Case Study: Mario's Trattoria Widget Optimization
Mario's Trattoria in Boston moved their booking widget from a separate "Reservations" page to above-the-fold on their homepage. The result: booking widget interactions increased 180% and actual completed reservations increased 67% in the first month. They also added the booking link to their Instagram bio and saw 22% of all new bookings come from social media within 60 days.
Launch Your Booking Widget in 15 Minutes
KwickBook's widget is fully customizable, mobile-optimized, and includes Google Reserve integration at no extra cost.
How do I add a reservation widget to my restaurant website?
Most reservation systems provide an embed code (similar to a YouTube video embed). Copy the code snippet from your reservation dashboard and paste it into your website's HTML where you want the widget to appear.
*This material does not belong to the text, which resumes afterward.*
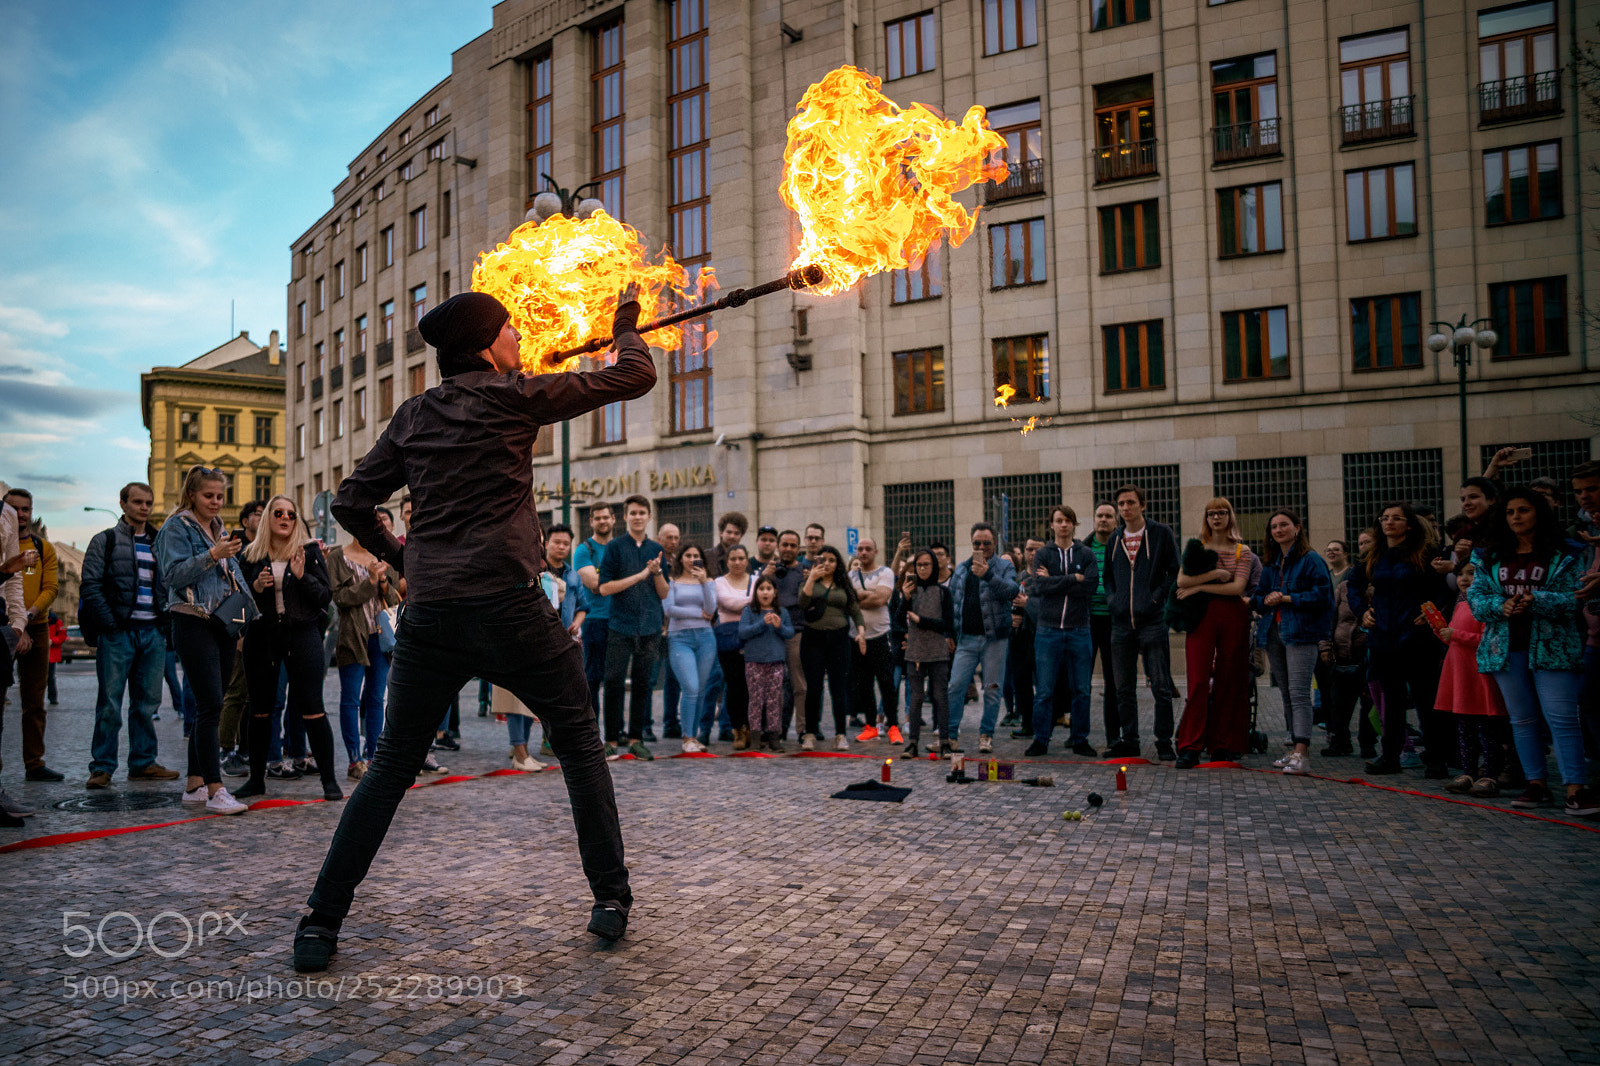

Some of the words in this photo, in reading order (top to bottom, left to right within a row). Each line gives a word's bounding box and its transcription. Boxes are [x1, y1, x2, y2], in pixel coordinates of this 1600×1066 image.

[649, 464, 717, 492] BANKA
[849, 531, 857, 546] P
[1499, 566, 1545, 581] BAD
If you use WordPress, Squarespace, or Wix, there are usually dedicated plugins or integrations that make this even easier — no coding required.
Should I use an embedded widget or a booking page link?
Embedded widgets convert 40-60% better than links to external booking pages because guests never leave your website. However, a booking page link is simpler to set up and works better for social media and email campaigns. The best approach is both: embedded widget on your website, direct link for social media and marketing.
Can I customize the booking widget to match my brand?
Yes. Most reservation platforms offer color, font, and logo customization. KwickBook's widget supports custom CSS for advanced styling. At minimum, match your brand's primary color and ensure the widget doesn't clash with your website design.
How long does it take to set up a booking widget?
Basic setup takes 15-30 minutes: configure availability, customize colors, and install the embed code. Adding Google Reserve integration adds another 24-48 hours for Google's approval process. Full optimization takes 1-2 weeks of iteration.